Reproduce the records word for word, apart from the images they contain.

Supplied entries
BEGIN

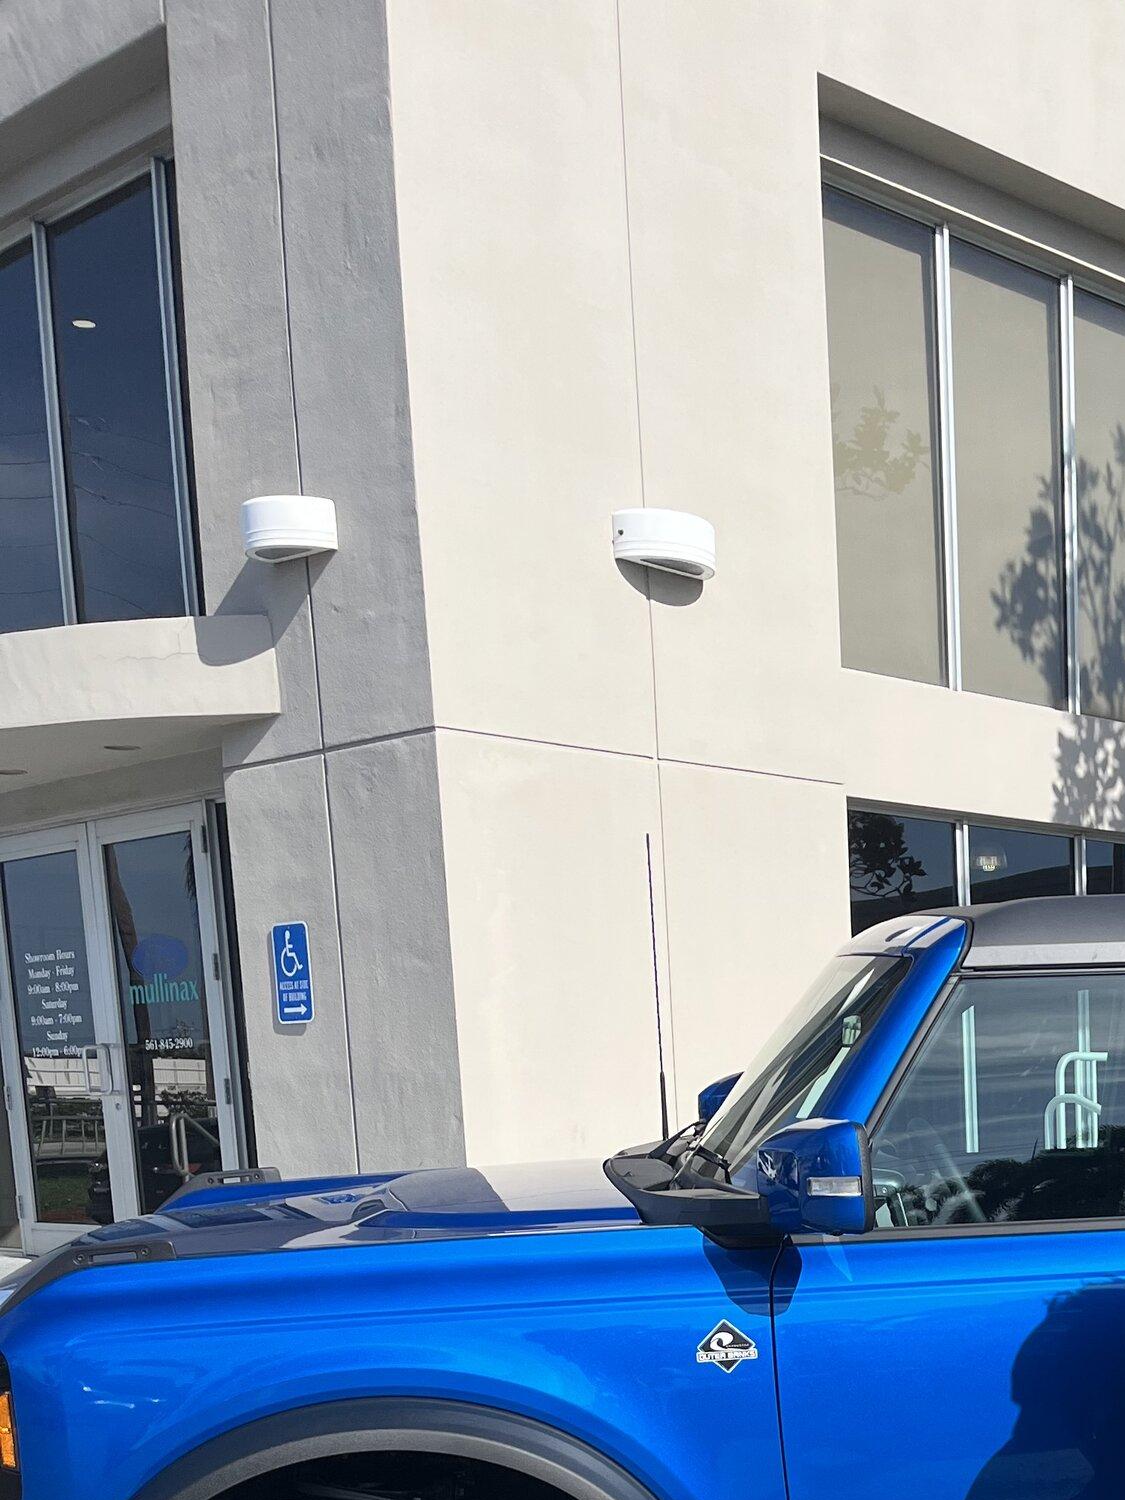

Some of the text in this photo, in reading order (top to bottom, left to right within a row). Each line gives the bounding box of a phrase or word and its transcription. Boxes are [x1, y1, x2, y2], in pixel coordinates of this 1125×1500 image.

[28, 967, 51, 980] Monday
[56, 965, 74, 977] Friday
[129, 973, 199, 1005] mullinax
[42, 998, 68, 1010] Saturday
[46, 1029, 69, 1042] Sunday
[63, 1044, 83, 1057] 6:00p
[145, 1036, 194, 1051] 561-845-2900
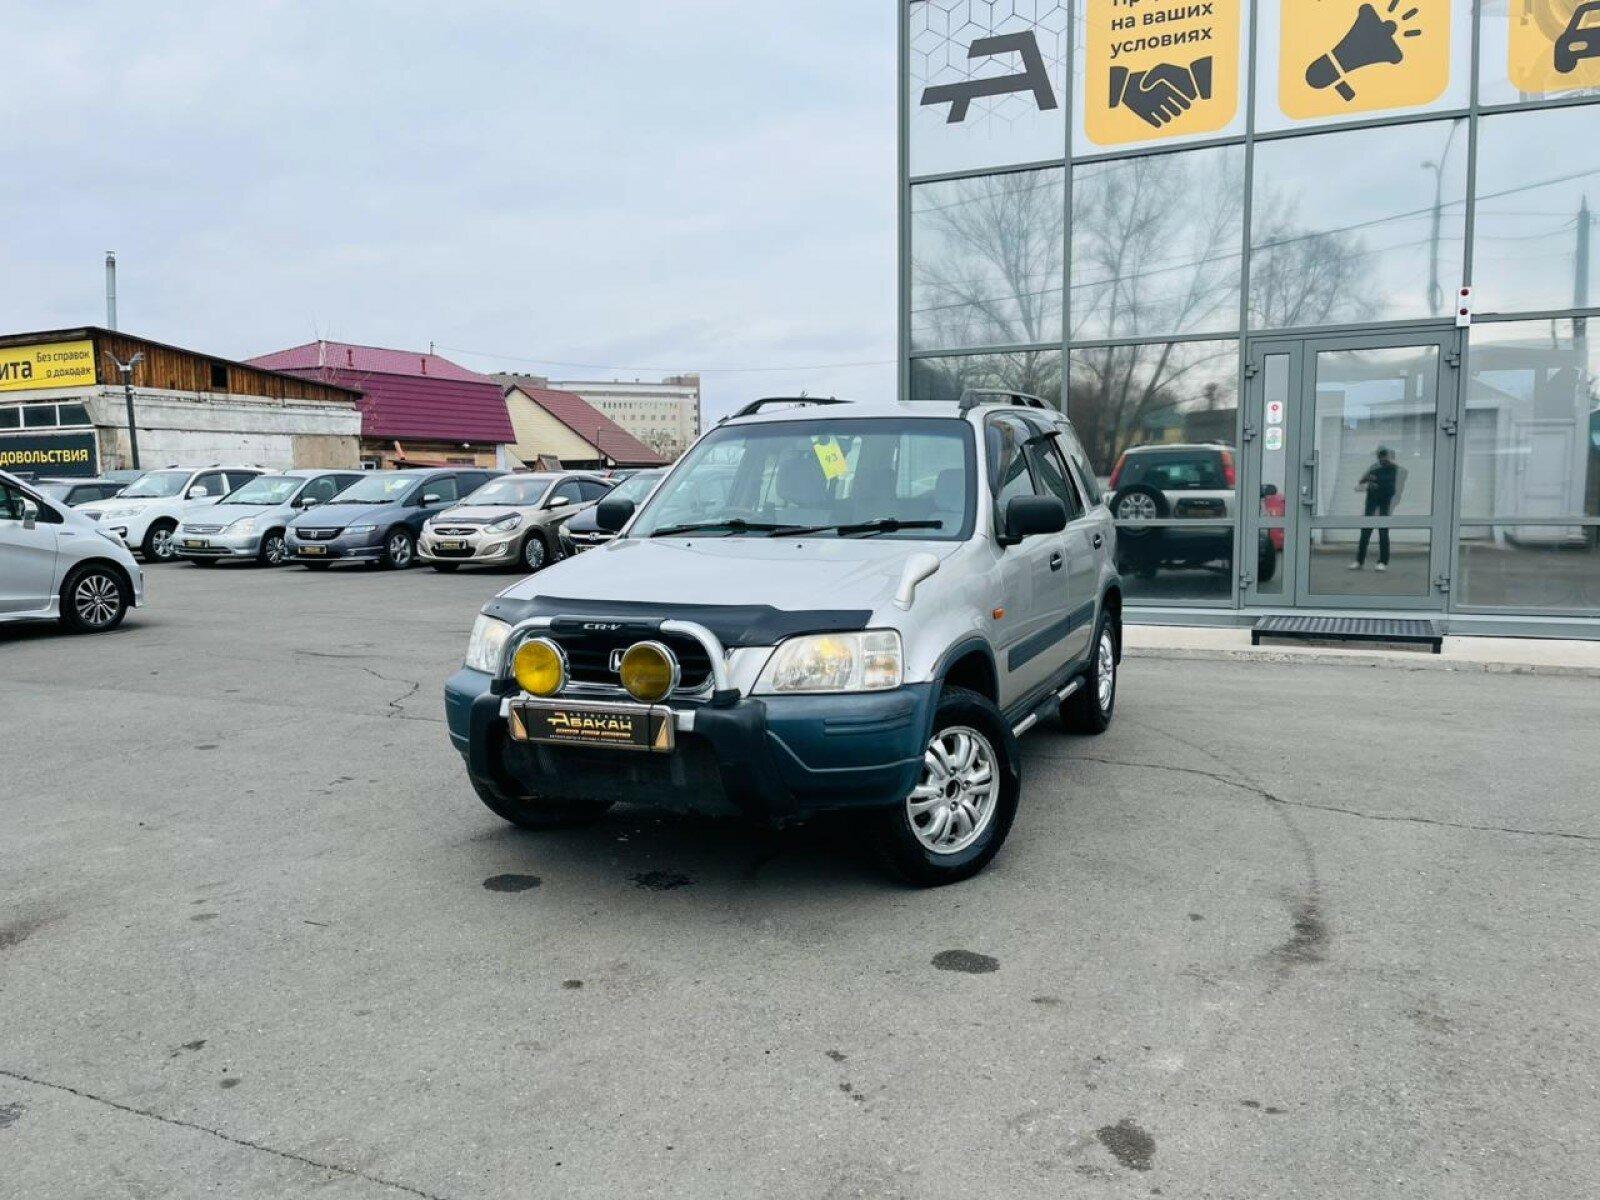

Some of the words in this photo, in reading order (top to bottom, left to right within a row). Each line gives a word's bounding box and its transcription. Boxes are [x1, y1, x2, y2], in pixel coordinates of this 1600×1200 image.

[1111, 15, 1136, 31] на
[1142, 2, 1214, 26] ваших
[1110, 26, 1213, 60] условиях
[37, 352, 51, 362] Без
[53, 350, 90, 362] справок
[53, 366, 91, 379] доходах

END

Task solution
Some of the text in this photo, in reading order (top to bottom, left to right within a row). Each line gives the bounding box of a phrase or word and its transcription. Boxes are [x1, y1, x2, y2], in pixel coordinates of this 1125×1500 image.

[28, 967, 51, 980] Monday
[56, 965, 74, 977] Friday
[129, 973, 199, 1005] mullinax
[42, 998, 68, 1010] Saturday
[46, 1029, 69, 1042] Sunday
[63, 1044, 83, 1057] 6:00p
[145, 1036, 194, 1051] 561-845-2900

Some of the words in this photo, in reading order (top to bottom, left to right within a row). Each line gives a word's bounding box and its transcription. Boxes are [x1, y1, x2, y2], in pixel coordinates of this 1600×1200 image.

[1111, 15, 1136, 31] на
[1142, 2, 1214, 26] ваших
[1110, 26, 1213, 60] условиях
[37, 352, 51, 362] Без
[53, 350, 90, 362] справок
[53, 366, 91, 379] доходах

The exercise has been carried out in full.